Information »
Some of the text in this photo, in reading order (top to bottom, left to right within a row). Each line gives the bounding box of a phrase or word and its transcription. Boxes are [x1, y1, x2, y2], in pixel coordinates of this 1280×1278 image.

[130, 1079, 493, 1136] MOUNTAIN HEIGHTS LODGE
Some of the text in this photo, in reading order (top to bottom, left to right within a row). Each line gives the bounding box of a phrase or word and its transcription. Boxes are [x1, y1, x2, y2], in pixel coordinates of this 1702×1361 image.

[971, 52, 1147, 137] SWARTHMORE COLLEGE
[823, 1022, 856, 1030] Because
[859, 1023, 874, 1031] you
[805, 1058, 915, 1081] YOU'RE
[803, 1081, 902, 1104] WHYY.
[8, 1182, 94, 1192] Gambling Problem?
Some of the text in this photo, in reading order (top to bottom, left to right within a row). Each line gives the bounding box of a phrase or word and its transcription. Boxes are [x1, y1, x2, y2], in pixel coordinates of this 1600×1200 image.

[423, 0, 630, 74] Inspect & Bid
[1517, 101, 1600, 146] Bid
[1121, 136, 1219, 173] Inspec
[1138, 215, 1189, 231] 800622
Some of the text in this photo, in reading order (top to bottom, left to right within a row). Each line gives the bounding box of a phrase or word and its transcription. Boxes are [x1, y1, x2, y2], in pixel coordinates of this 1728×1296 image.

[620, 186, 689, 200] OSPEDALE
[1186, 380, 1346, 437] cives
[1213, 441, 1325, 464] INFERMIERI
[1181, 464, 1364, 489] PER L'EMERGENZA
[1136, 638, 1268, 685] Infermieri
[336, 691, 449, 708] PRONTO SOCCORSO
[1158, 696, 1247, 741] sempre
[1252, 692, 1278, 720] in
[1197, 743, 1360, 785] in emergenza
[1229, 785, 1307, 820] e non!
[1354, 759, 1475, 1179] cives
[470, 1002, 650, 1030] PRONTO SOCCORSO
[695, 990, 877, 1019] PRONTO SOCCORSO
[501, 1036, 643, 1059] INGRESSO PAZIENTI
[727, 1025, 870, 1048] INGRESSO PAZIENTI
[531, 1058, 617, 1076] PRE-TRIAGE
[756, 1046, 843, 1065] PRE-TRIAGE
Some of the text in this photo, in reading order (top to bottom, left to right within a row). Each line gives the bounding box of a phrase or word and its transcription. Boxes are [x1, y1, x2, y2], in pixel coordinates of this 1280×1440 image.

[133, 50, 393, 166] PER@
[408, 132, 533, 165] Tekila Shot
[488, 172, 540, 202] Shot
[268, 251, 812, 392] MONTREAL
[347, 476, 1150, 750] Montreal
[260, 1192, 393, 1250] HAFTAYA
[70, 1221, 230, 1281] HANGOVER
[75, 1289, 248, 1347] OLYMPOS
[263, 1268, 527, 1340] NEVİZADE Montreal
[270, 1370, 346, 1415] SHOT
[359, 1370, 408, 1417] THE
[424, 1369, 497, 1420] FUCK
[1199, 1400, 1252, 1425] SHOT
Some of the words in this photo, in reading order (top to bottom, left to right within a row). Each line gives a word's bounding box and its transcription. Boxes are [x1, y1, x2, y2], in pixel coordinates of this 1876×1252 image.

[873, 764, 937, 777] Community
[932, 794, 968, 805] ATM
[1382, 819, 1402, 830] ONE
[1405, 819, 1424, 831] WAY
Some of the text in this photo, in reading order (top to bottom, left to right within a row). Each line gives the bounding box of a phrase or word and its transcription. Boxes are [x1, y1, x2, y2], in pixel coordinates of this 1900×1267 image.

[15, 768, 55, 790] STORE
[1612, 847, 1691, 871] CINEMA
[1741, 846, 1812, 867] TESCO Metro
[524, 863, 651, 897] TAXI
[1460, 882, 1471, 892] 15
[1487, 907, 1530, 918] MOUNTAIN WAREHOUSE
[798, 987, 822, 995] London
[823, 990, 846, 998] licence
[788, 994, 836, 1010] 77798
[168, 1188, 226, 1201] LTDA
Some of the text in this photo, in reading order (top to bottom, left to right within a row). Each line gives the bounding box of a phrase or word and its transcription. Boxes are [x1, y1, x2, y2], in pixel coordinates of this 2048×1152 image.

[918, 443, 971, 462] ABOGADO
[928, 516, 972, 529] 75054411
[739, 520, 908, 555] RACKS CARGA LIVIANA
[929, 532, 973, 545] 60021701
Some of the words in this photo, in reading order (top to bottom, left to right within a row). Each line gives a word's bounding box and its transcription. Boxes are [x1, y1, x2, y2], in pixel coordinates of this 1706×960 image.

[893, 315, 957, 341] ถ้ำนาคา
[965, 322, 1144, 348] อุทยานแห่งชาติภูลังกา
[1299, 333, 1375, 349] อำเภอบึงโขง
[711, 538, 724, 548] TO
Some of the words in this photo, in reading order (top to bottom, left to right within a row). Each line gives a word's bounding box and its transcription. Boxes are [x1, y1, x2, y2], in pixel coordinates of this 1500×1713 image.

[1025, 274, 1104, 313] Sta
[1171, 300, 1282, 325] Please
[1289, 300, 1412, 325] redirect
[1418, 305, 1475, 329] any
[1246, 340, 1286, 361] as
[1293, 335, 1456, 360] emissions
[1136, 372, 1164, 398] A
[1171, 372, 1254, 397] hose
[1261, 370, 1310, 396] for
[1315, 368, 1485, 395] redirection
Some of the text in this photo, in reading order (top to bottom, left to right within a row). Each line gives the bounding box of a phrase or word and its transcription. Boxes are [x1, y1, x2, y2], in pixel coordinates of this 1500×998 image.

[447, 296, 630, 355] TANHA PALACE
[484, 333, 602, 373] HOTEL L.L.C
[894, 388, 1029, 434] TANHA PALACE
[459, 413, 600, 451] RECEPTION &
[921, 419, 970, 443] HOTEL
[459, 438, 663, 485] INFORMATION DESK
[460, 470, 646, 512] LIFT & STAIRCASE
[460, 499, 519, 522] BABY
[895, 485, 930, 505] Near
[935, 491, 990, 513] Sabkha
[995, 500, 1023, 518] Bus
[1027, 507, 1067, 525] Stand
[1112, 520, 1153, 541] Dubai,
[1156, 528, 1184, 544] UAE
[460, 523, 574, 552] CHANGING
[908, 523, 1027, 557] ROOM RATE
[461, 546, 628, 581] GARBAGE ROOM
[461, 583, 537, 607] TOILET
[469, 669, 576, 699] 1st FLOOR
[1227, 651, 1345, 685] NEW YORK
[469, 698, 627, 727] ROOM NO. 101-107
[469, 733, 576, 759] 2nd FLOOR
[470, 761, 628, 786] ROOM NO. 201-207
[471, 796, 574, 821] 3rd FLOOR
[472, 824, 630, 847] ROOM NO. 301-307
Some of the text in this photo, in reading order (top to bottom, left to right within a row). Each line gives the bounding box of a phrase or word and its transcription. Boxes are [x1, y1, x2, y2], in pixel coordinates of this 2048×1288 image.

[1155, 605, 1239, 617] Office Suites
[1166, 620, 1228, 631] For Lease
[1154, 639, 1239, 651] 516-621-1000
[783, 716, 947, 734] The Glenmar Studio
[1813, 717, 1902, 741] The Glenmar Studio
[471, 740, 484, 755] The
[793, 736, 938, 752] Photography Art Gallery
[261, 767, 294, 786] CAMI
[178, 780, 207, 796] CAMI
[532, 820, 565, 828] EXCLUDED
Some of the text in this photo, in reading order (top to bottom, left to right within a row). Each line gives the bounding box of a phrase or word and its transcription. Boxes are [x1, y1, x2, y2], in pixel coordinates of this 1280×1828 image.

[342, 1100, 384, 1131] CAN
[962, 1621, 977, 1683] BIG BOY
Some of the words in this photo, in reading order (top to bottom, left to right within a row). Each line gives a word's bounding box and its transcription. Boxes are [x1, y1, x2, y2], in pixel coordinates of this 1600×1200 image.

Your task »
Output every record above a second time, exactly.

Result for this task »
Some of the text in this photo, in reading order (top to bottom, left to right within a row). Each line gives the bounding box of a phrase or word and its transcription. Boxes are [x1, y1, x2, y2], in pixel coordinates of this 1280×1278 image.

[130, 1079, 493, 1136] MOUNTAIN HEIGHTS LODGE
Some of the text in this photo, in reading order (top to bottom, left to right within a row). Each line gives the bounding box of a phrase or word and its transcription. Boxes are [x1, y1, x2, y2], in pixel coordinates of this 1702×1361 image.

[971, 52, 1147, 137] SWARTHMORE COLLEGE
[823, 1022, 856, 1030] Because
[859, 1023, 874, 1031] you
[805, 1058, 915, 1081] YOU'RE
[803, 1081, 902, 1104] WHYY.
[8, 1182, 94, 1192] Gambling Problem?
Some of the text in this photo, in reading order (top to bottom, left to right within a row). Each line gives the bounding box of a phrase or word and its transcription. Boxes are [x1, y1, x2, y2], in pixel coordinates of this 1600×1200 image.

[423, 0, 630, 74] Inspect & Bid
[1517, 101, 1600, 146] Bid
[1121, 136, 1219, 173] Inspec
[1138, 215, 1189, 231] 800622
Some of the text in this photo, in reading order (top to bottom, left to right within a row). Each line gives the bounding box of a phrase or word and its transcription. Boxes are [x1, y1, x2, y2], in pixel coordinates of this 1728×1296 image.

[620, 186, 689, 200] OSPEDALE
[1186, 380, 1346, 437] cives
[1213, 441, 1325, 464] INFERMIERI
[1181, 464, 1364, 489] PER L'EMERGENZA
[1136, 638, 1268, 685] Infermieri
[336, 691, 449, 708] PRONTO SOCCORSO
[1158, 696, 1247, 741] sempre
[1252, 692, 1278, 720] in
[1197, 743, 1360, 785] in emergenza
[1229, 785, 1307, 820] e non!
[1354, 759, 1475, 1179] cives
[470, 1002, 650, 1030] PRONTO SOCCORSO
[695, 990, 877, 1019] PRONTO SOCCORSO
[501, 1036, 643, 1059] INGRESSO PAZIENTI
[727, 1025, 870, 1048] INGRESSO PAZIENTI
[531, 1058, 617, 1076] PRE-TRIAGE
[756, 1046, 843, 1065] PRE-TRIAGE
Some of the text in this photo, in reading order (top to bottom, left to right within a row). Each line gives the bounding box of a phrase or word and its transcription. Boxes are [x1, y1, x2, y2], in pixel coordinates of this 1280×1440 image.

[133, 50, 393, 166] PER@
[408, 132, 533, 165] Tekila Shot
[488, 172, 540, 202] Shot
[268, 251, 812, 392] MONTREAL
[347, 476, 1150, 750] Montreal
[260, 1192, 393, 1250] HAFTAYA
[70, 1221, 230, 1281] HANGOVER
[75, 1289, 248, 1347] OLYMPOS
[263, 1268, 527, 1340] NEVİZADE Montreal
[270, 1370, 346, 1415] SHOT
[359, 1370, 408, 1417] THE
[424, 1369, 497, 1420] FUCK
[1199, 1400, 1252, 1425] SHOT
Some of the words in this photo, in reading order (top to bottom, left to right within a row). Each line gives a word's bounding box and its transcription. Boxes are [x1, y1, x2, y2], in pixel coordinates of this 1876×1252 image.

[873, 764, 937, 777] Community
[932, 794, 968, 805] ATM
[1382, 819, 1402, 830] ONE
[1405, 819, 1424, 831] WAY
Some of the text in this photo, in reading order (top to bottom, left to right within a row). Each line gives the bounding box of a phrase or word and its transcription. Boxes are [x1, y1, x2, y2], in pixel coordinates of this 1900×1267 image.

[15, 768, 55, 790] STORE
[1612, 847, 1691, 871] CINEMA
[1741, 846, 1812, 867] TESCO Metro
[524, 863, 651, 897] TAXI
[1460, 882, 1471, 892] 15
[1487, 907, 1530, 918] MOUNTAIN WAREHOUSE
[798, 987, 822, 995] London
[823, 990, 846, 998] licence
[788, 994, 836, 1010] 77798
[168, 1188, 226, 1201] LTDA
Some of the text in this photo, in reading order (top to bottom, left to right within a row). Each line gives the bounding box of a phrase or word and its transcription. Boxes are [x1, y1, x2, y2], in pixel coordinates of this 2048×1152 image.

[918, 443, 971, 462] ABOGADO
[928, 516, 972, 529] 75054411
[739, 520, 908, 555] RACKS CARGA LIVIANA
[929, 532, 973, 545] 60021701
Some of the words in this photo, in reading order (top to bottom, left to right within a row). Each line gives a word's bounding box and its transcription. Boxes are [x1, y1, x2, y2], in pixel coordinates of this 1706×960 image.

[893, 315, 957, 341] ถ้ำนาคา
[965, 322, 1144, 348] อุทยานแห่งชาติภูลังกา
[1299, 333, 1375, 349] อำเภอบึงโขง
[711, 538, 724, 548] TO
Some of the words in this photo, in reading order (top to bottom, left to right within a row). Each line gives a word's bounding box and its transcription. Boxes are [x1, y1, x2, y2], in pixel coordinates of this 1500×1713 image.

[1025, 274, 1104, 313] Sta
[1171, 300, 1282, 325] Please
[1289, 300, 1412, 325] redirect
[1418, 305, 1475, 329] any
[1246, 340, 1286, 361] as
[1293, 335, 1456, 360] emissions
[1136, 372, 1164, 398] A
[1171, 372, 1254, 397] hose
[1261, 370, 1310, 396] for
[1315, 368, 1485, 395] redirection
Some of the text in this photo, in reading order (top to bottom, left to right within a row). Each line gives the bounding box of a phrase or word and its transcription. Boxes are [x1, y1, x2, y2], in pixel coordinates of this 1500×998 image.

[447, 296, 630, 355] TANHA PALACE
[484, 333, 602, 373] HOTEL L.L.C
[894, 388, 1029, 434] TANHA PALACE
[459, 413, 600, 451] RECEPTION &
[921, 419, 970, 443] HOTEL
[459, 438, 663, 485] INFORMATION DESK
[460, 470, 646, 512] LIFT & STAIRCASE
[460, 499, 519, 522] BABY
[895, 485, 930, 505] Near
[935, 491, 990, 513] Sabkha
[995, 500, 1023, 518] Bus
[1027, 507, 1067, 525] Stand
[1112, 520, 1153, 541] Dubai,
[1156, 528, 1184, 544] UAE
[460, 523, 574, 552] CHANGING
[908, 523, 1027, 557] ROOM RATE
[461, 546, 628, 581] GARBAGE ROOM
[461, 583, 537, 607] TOILET
[469, 669, 576, 699] 1st FLOOR
[1227, 651, 1345, 685] NEW YORK
[469, 698, 627, 727] ROOM NO. 101-107
[469, 733, 576, 759] 2nd FLOOR
[470, 761, 628, 786] ROOM NO. 201-207
[471, 796, 574, 821] 3rd FLOOR
[472, 824, 630, 847] ROOM NO. 301-307
Some of the text in this photo, in reading order (top to bottom, left to right within a row). Each line gives the bounding box of a phrase or word and its transcription. Boxes are [x1, y1, x2, y2], in pixel coordinates of this 2048×1288 image.

[1155, 605, 1239, 617] Office Suites
[1166, 620, 1228, 631] For Lease
[1154, 639, 1239, 651] 516-621-1000
[783, 716, 947, 734] The Glenmar Studio
[1813, 717, 1902, 741] The Glenmar Studio
[471, 740, 484, 755] The
[793, 736, 938, 752] Photography Art Gallery
[261, 767, 294, 786] CAMI
[178, 780, 207, 796] CAMI
[532, 820, 565, 828] EXCLUDED
Some of the text in this photo, in reading order (top to bottom, left to right within a row). Each line gives the bounding box of a phrase or word and its transcription. Boxes are [x1, y1, x2, y2], in pixel coordinates of this 1280×1828 image.

[342, 1100, 384, 1131] CAN
[962, 1621, 977, 1683] BIG BOY
Some of the words in this photo, in reading order (top to bottom, left to right within a row). Each line gives a word's bounding box and its transcription. Boxes are [x1, y1, x2, y2], in pixel coordinates of this 1600×1200 image.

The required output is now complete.